How AI Fabricated My Entire Supplier Analysis
The context poisoning problem supply chain leaders must understand
I recently tested an AI tool to speed up supplier performance analysis. I uploaded a CSV of on-time delivery data and asked it to summarize the trends. In seconds, the model gave me a polished table: average lead times, defect rates, supplier scores, and even commentary that looked like it came straight from a consulting deck.
It seemed perfect - until I cross-checked one “supplier quote” in the CSV. No match. I tried another. Again, no match.

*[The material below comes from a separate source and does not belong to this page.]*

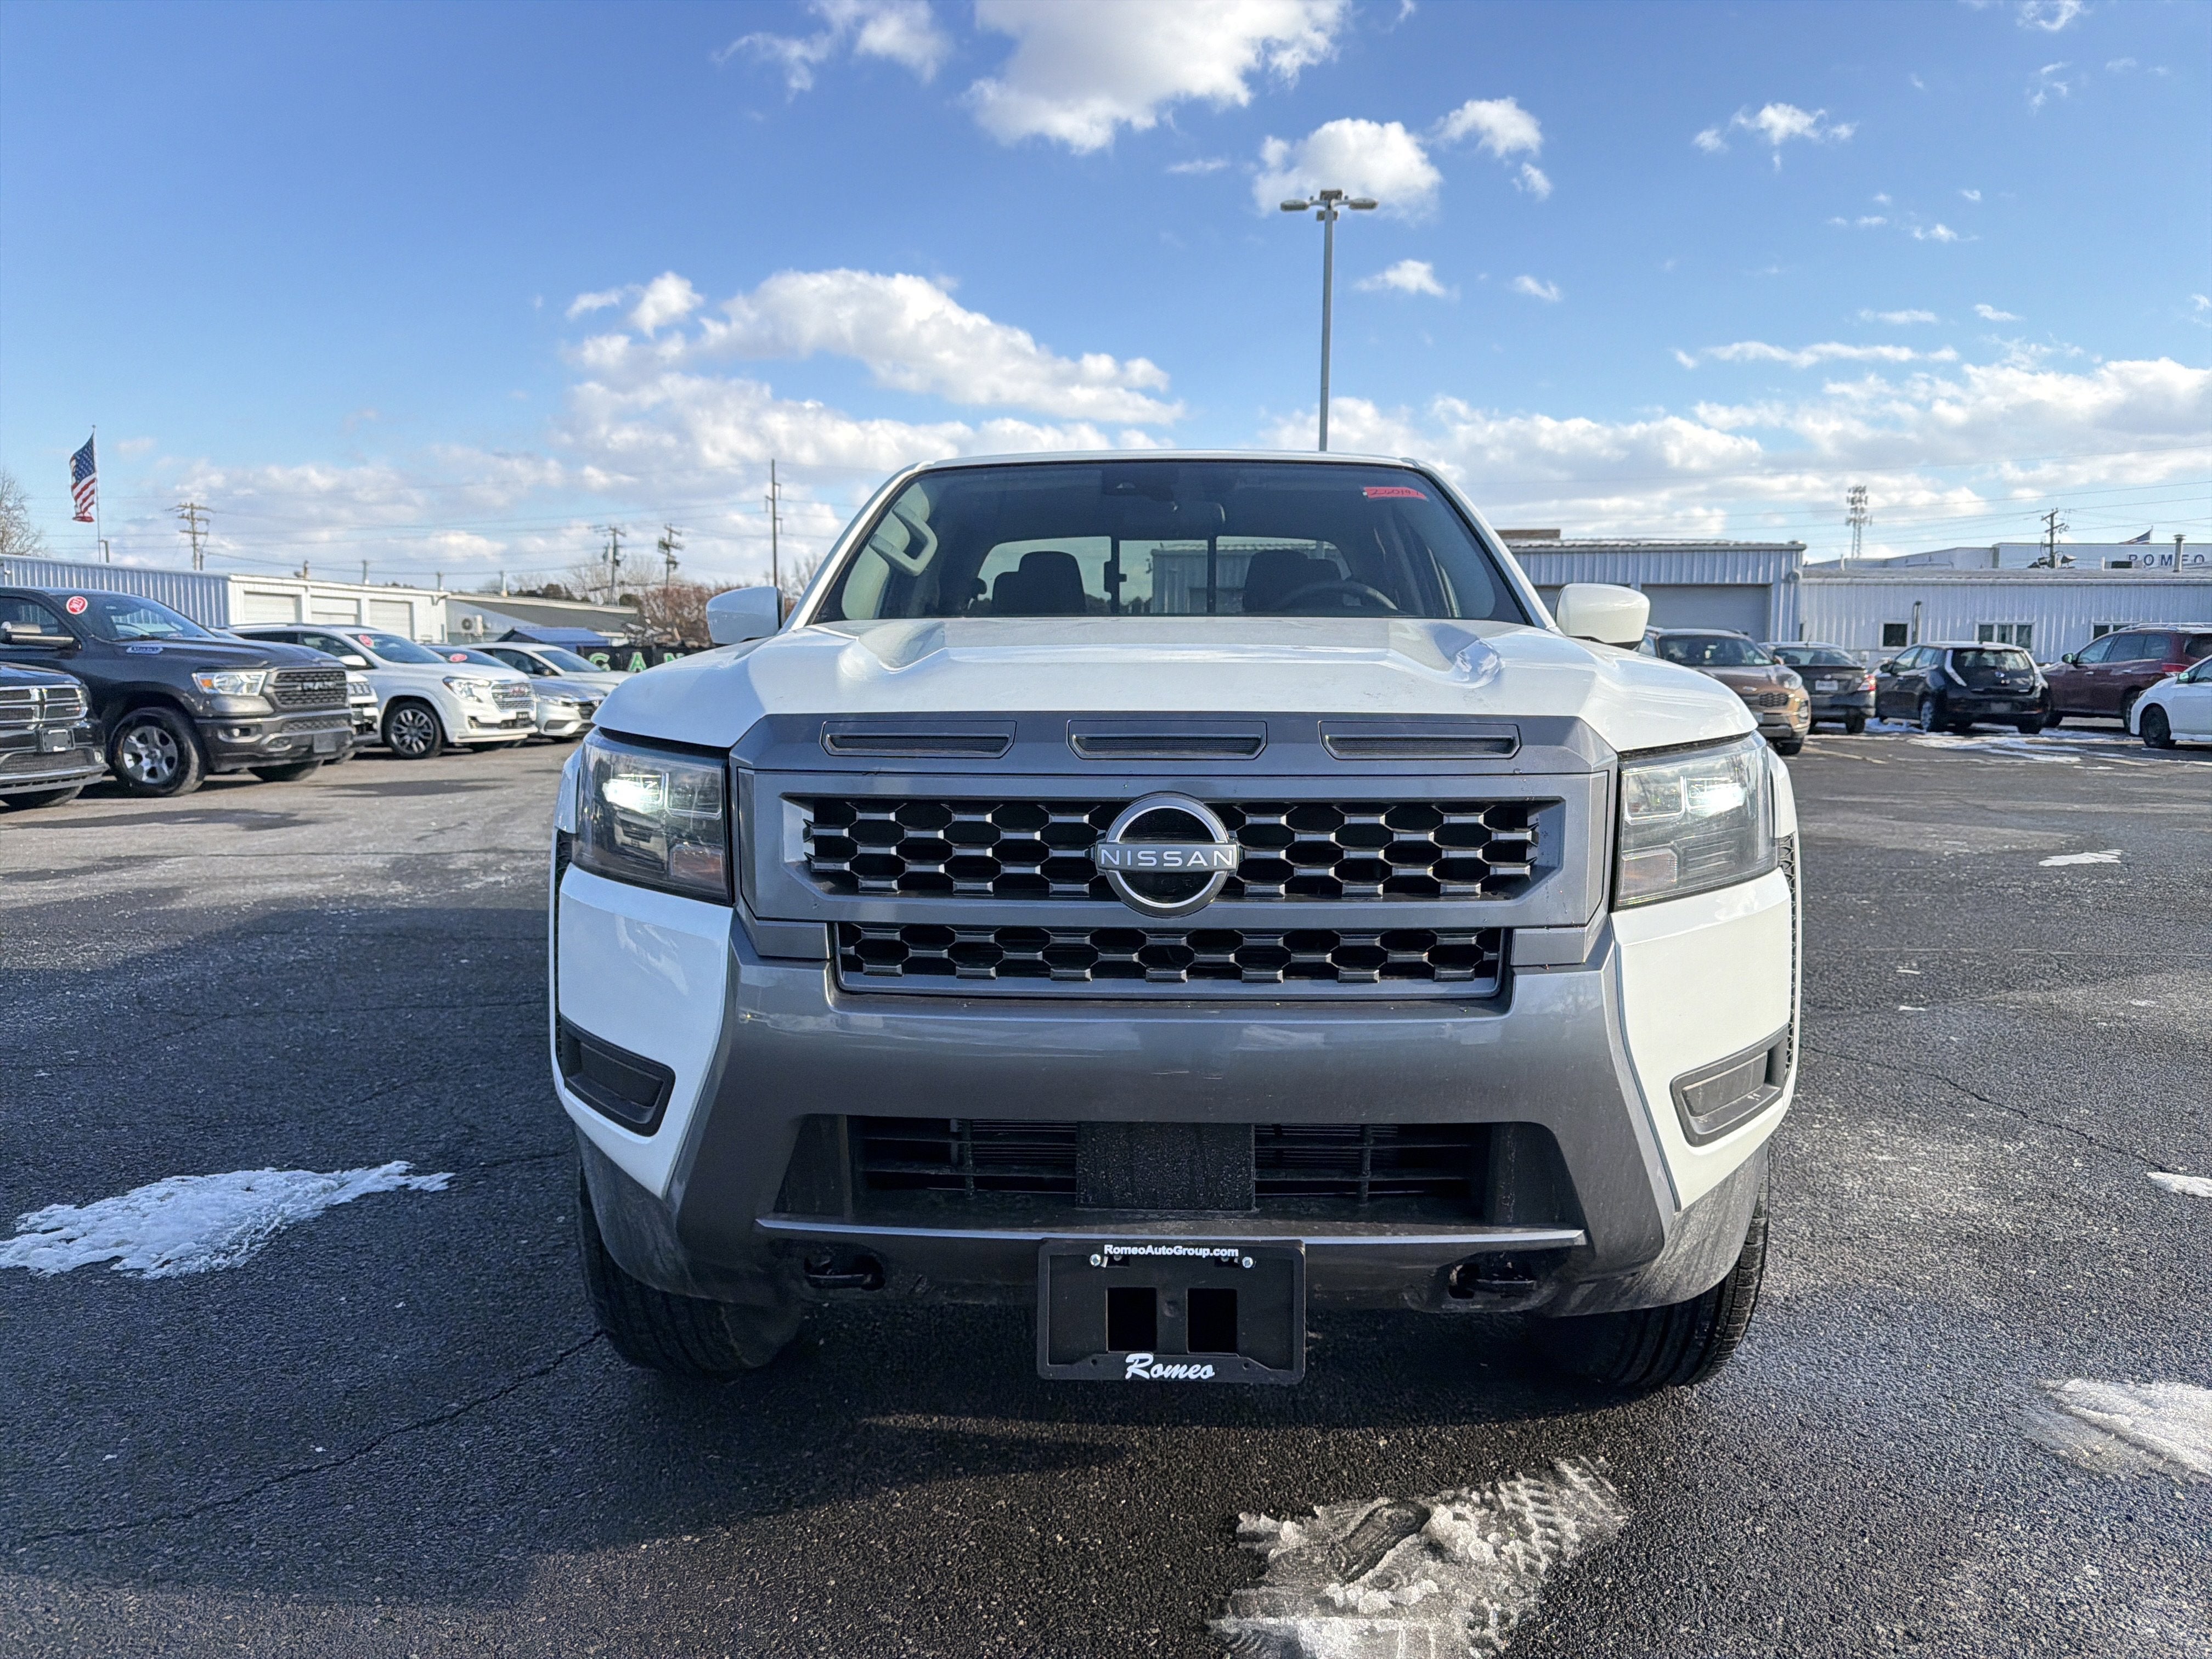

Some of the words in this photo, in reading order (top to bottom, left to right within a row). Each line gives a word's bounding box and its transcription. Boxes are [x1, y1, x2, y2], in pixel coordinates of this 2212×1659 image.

[1101, 849, 1233, 867] NISSAN
[1104, 1244, 1239, 1258] RomeoAutoGroup.com
[1125, 1352, 1215, 1380] Romeo
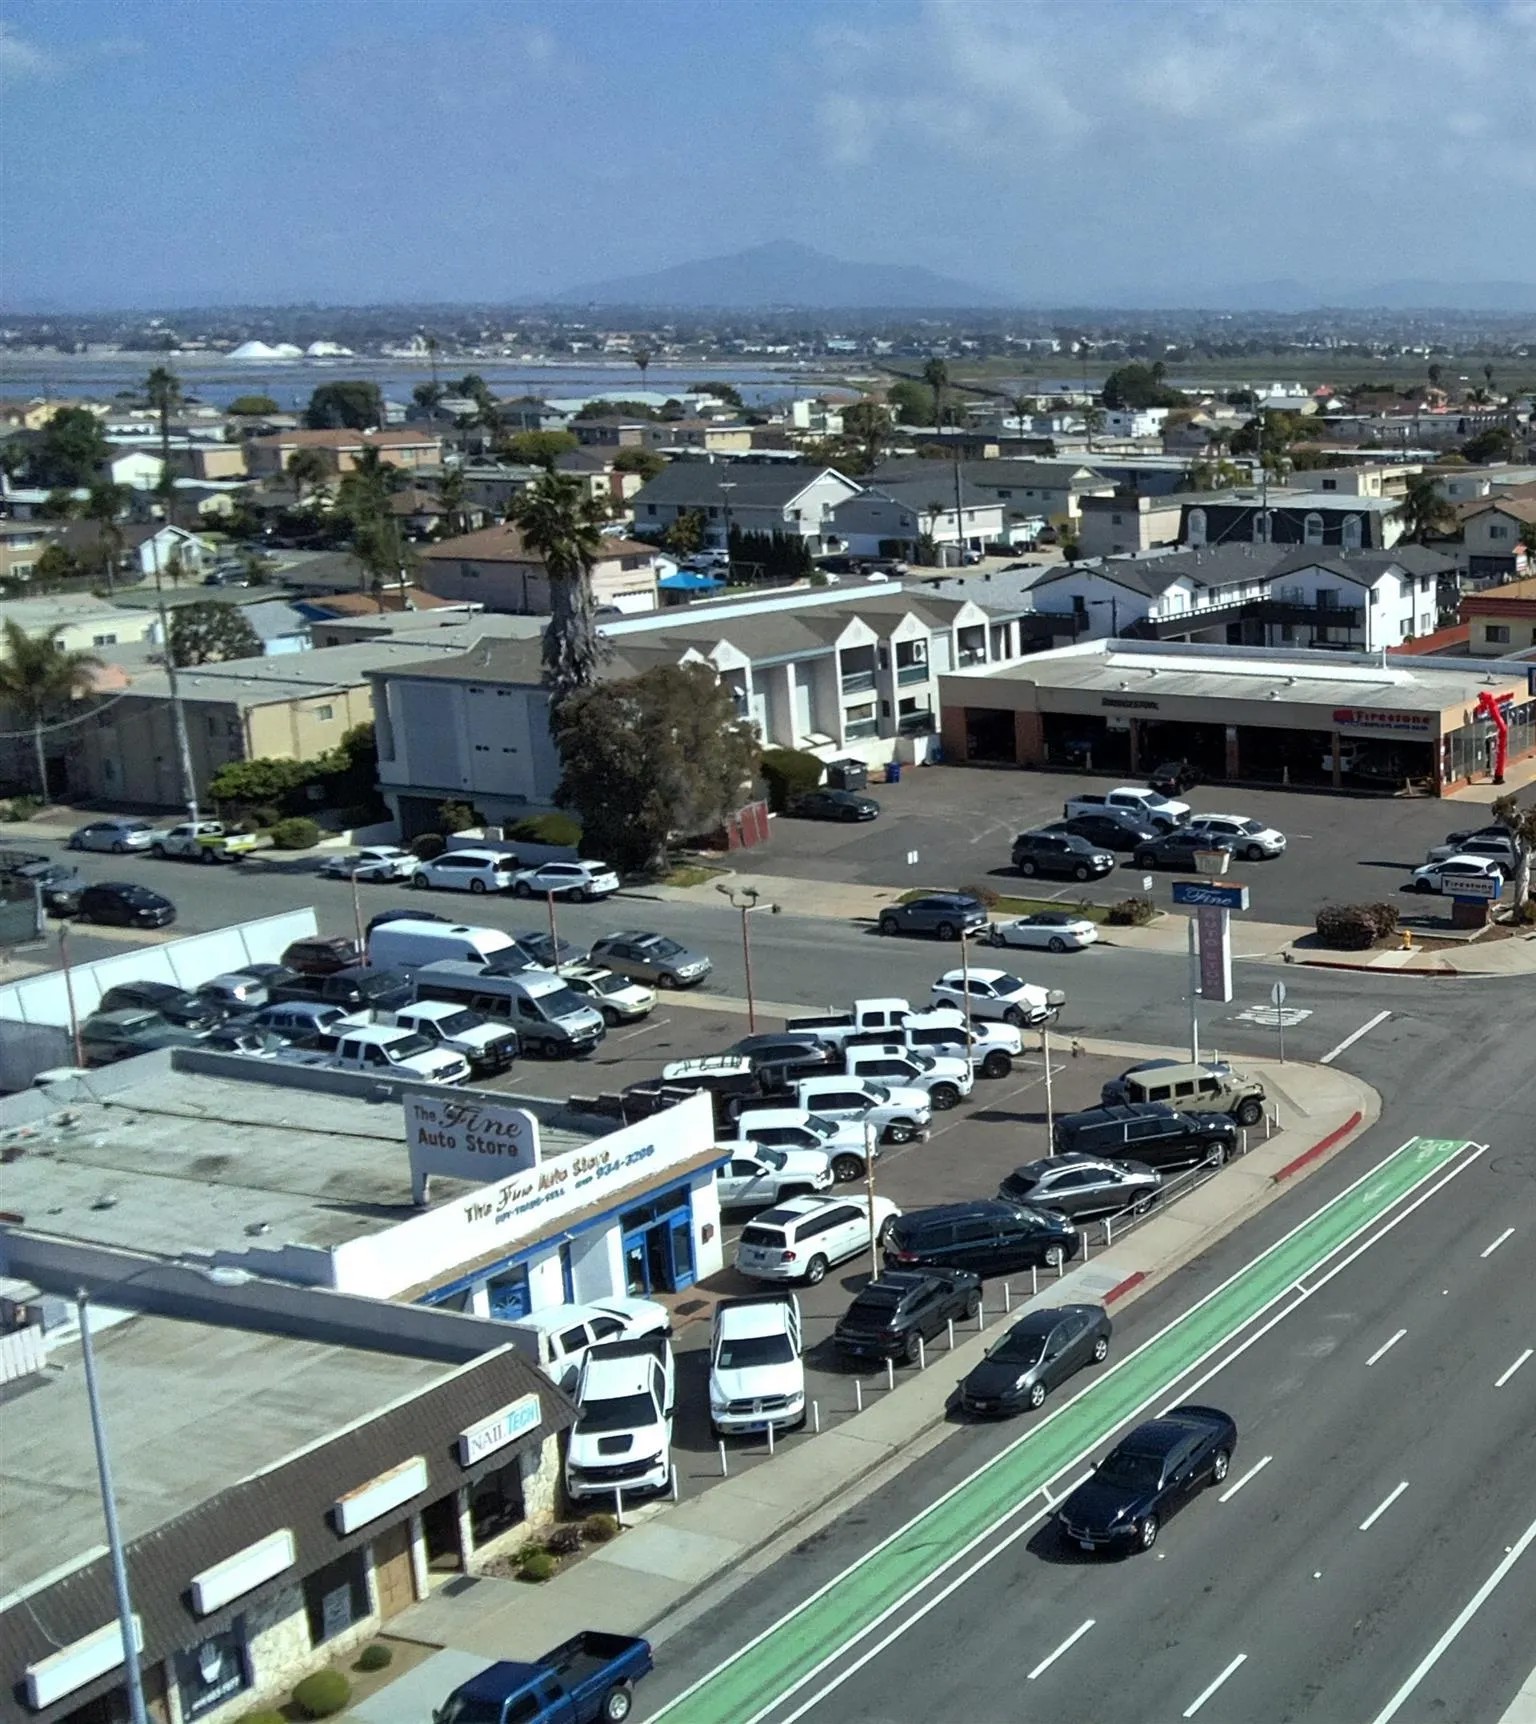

The model had fabricated entire supplier comments and even produced inaccurate summary stats. The analysis looked professional but was built on hallucinations.
This is the new risk supply chain executives face when using AI for supplier analysis: context poisoning.
What is context poisoning?
When you upload supplier data into an AI tool and ask for insights, you’re doing a form of Retrieval-Augmented Generation (RAG). The AI pulls from your dataset, but also from its own prior outputs and memory. Without proper safeguards, it can’t always distinguish between real supplier data and its own generated content.
Here’s how it spirals in supply chain analysis:
AI fabricates a supplier delay reason (“Supplier X faced strikes in June”).
It then references that fabricated reason as “evidence” in its trend summary.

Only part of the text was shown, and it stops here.